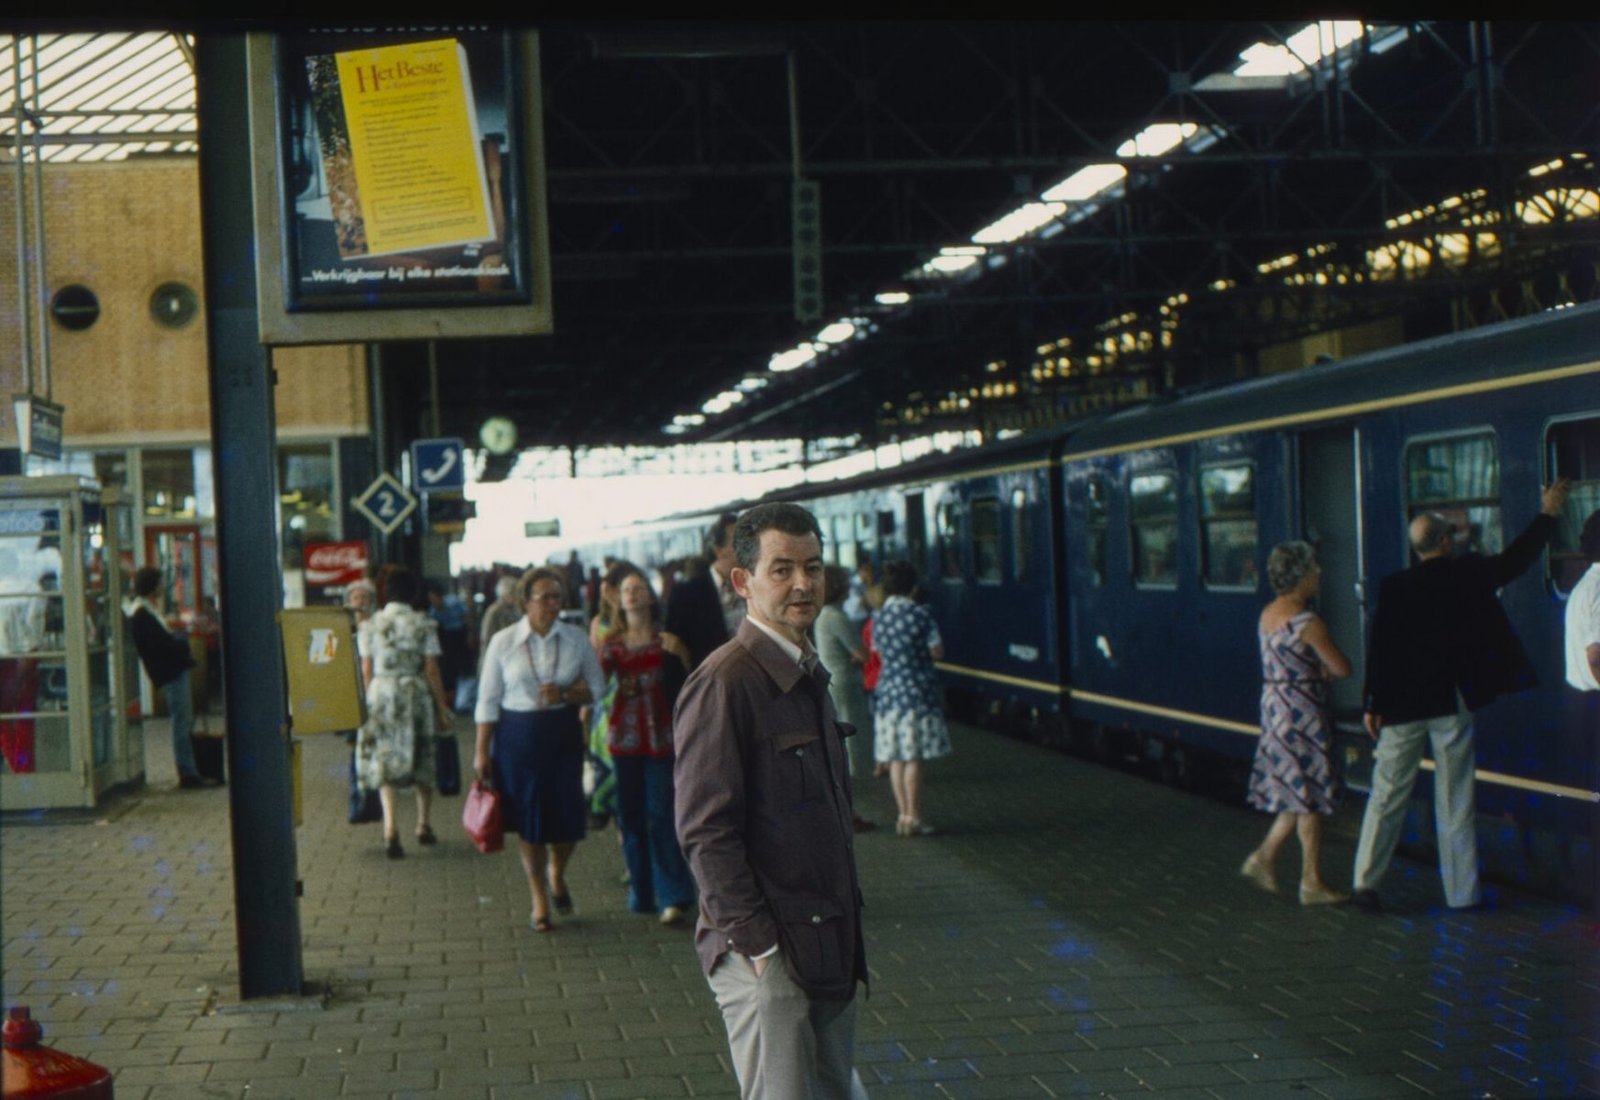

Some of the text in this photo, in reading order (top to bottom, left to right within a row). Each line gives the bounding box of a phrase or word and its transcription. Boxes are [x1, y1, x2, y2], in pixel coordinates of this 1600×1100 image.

[356, 64, 394, 94] Het
[396, 61, 443, 79] Beste
[388, 266, 405, 281] bij
[407, 267, 431, 279] elke
[378, 491, 396, 517] 2
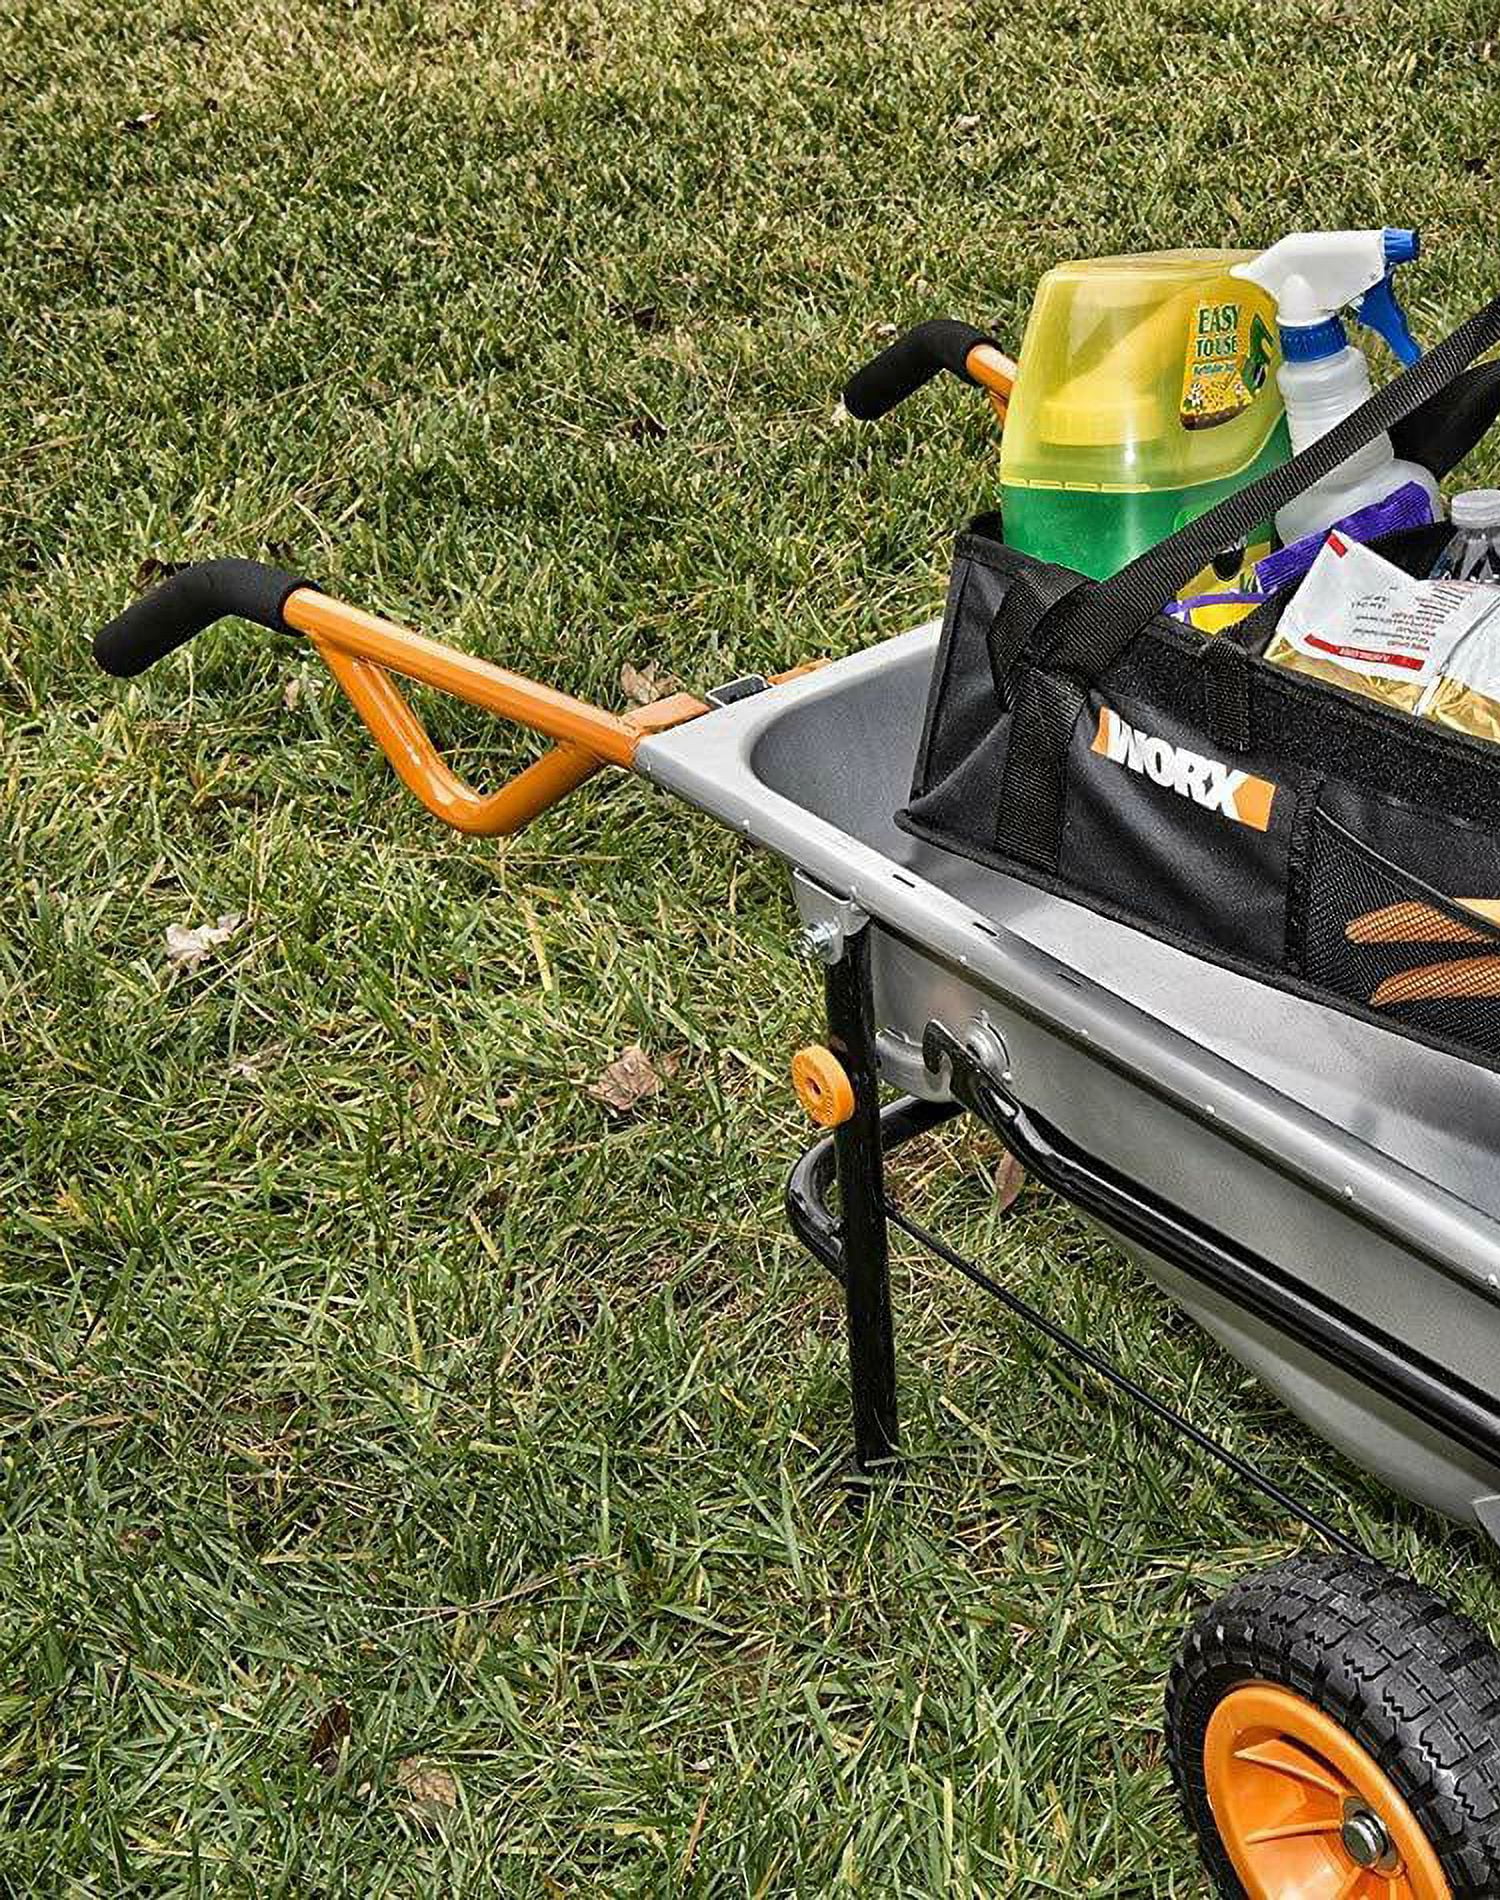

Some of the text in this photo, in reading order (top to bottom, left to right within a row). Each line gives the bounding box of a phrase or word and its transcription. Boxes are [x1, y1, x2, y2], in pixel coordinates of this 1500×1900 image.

[1198, 305, 1239, 334] EASY
[1196, 335, 1238, 357] TO USE
[1107, 706, 1250, 822] WORX

Problem:
Copy all of the listing word for word, minus the images.

Task solution:
Some of the text in this photo, in reading order (top to bottom, left to right within a row). Each line gives the bounding box of a phrase or word and its transcription. Boxes are [x1, y1, x2, y2], in pixel coordinates of this 1600×1100 image.

[356, 64, 394, 94] Het
[396, 61, 443, 79] Beste
[388, 266, 405, 281] bij
[407, 267, 431, 279] elke
[378, 491, 396, 517] 2

Some of the text in this photo, in reading order (top to bottom, left to right within a row). Each line gives the bounding box of a phrase or word and its transcription. Boxes are [x1, y1, x2, y2], in pixel coordinates of this 1500×1900 image.

[1198, 305, 1239, 334] EASY
[1196, 335, 1238, 357] TO USE
[1107, 706, 1250, 822] WORX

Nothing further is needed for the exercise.